Ten years after a former OC Transpo worker shot four of his colleagues and then turned a gun on himself, there are still questions about the work environment at Ottawa's transit authority.

An inquest into the 1999 shooting revealed an atmosphere of bullying at OC Transpo and that management hadn't been taking workplace complaints seriously.

Pierre Lebrun, 40, had quit his job at OC Transpo a few months before the incident. On the afternoon of April 6, 1999, he walked into the OC Transpo garage on St. Laurent Boulevard and killed four of his former colleagues.

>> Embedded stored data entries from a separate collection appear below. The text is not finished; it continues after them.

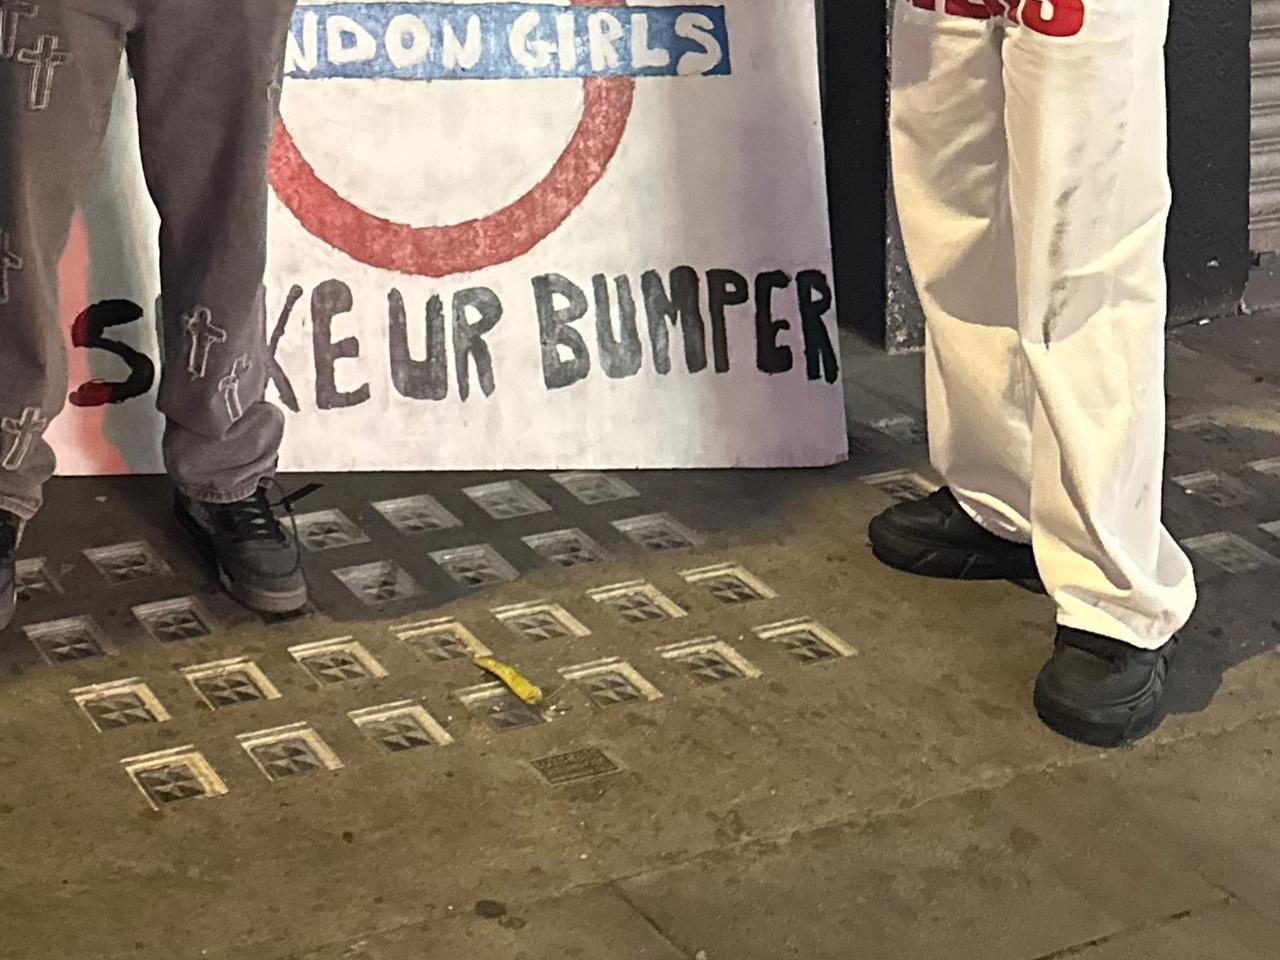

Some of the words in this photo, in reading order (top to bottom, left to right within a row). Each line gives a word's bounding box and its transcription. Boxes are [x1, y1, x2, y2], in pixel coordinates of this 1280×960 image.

[283, 10, 482, 73] NDON
[508, 11, 723, 77] GIRLS
[69, 279, 370, 413] SKE
[387, 286, 504, 402] UR
[531, 265, 840, 390] BUMPER

Another two were wounded before Lebrun shot himself.

At the time of the shooting, said Jim Smith, who has been an OC Transpo driver for close to 30 years, the relationship between management and employees was strained.

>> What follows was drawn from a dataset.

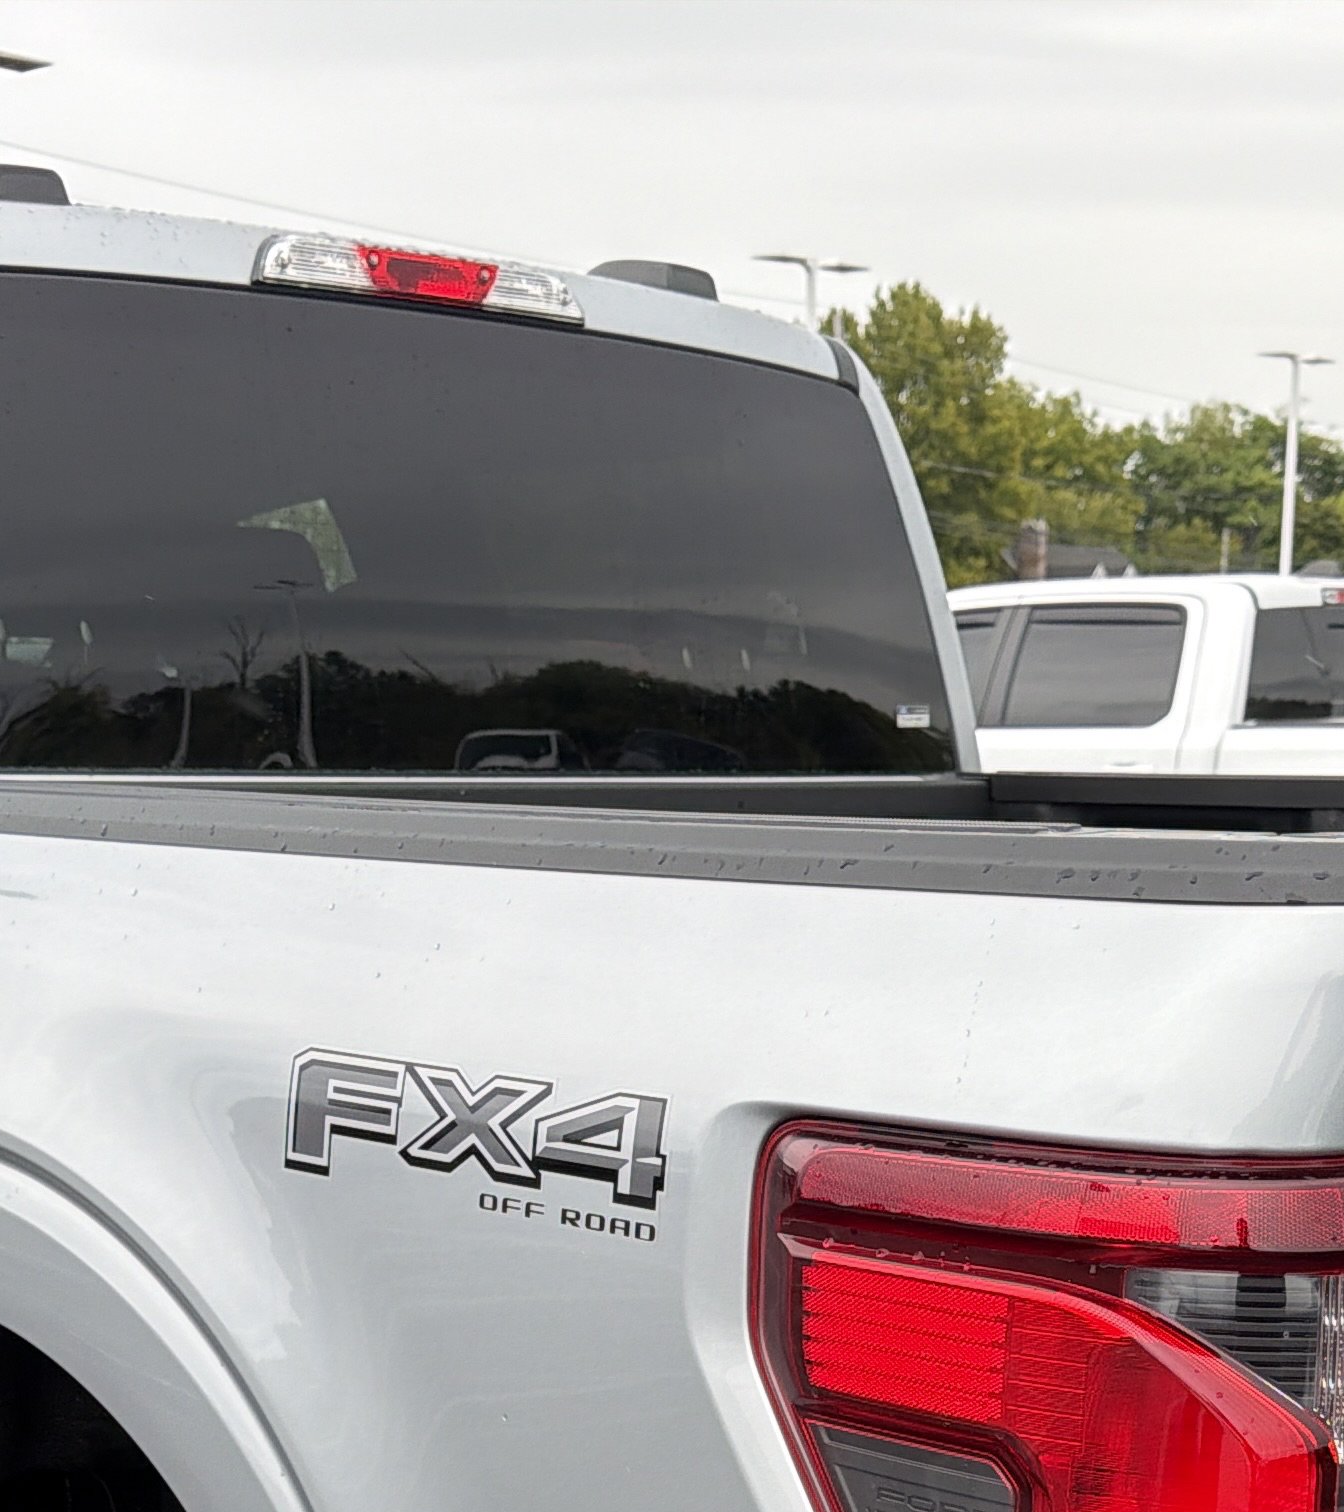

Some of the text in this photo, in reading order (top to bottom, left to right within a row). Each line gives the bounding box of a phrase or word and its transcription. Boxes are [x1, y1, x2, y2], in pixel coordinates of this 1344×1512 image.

[284, 1046, 669, 1211] FX4
[478, 1192, 658, 1243] OFF ROAD

"For years, we'd been complaining about the working conditions," said Smith.

But the tragedy, he said, forced both sides to address the rift.

"It's a lesson that was meant to be learned," said Smith. "And we still can."

The inquest into the tragedy resulted in 77 recommendations — many of which were aimed at improving the workplace environment at OC Transpo.

After Ottawa's 53-day transit strike, however, Smith said the lessons learned in 1999 should be revisited.

"We should have learned from that … how best can we communicate? How best can we rebuild and make things better?" said Smith.

Following the transit strike, he said, OC Transpo's employees and managers have more work to do again.

"We're going to have to find some way to rebuild that trust," said Smith. "Things haven't really changed all that much."

In order to make those changes post-strike, both sides need to put in some time and effort, he said.

"We have to do it again, whether we like it or not," said Smith. "It's going to take everybody collectively to do this."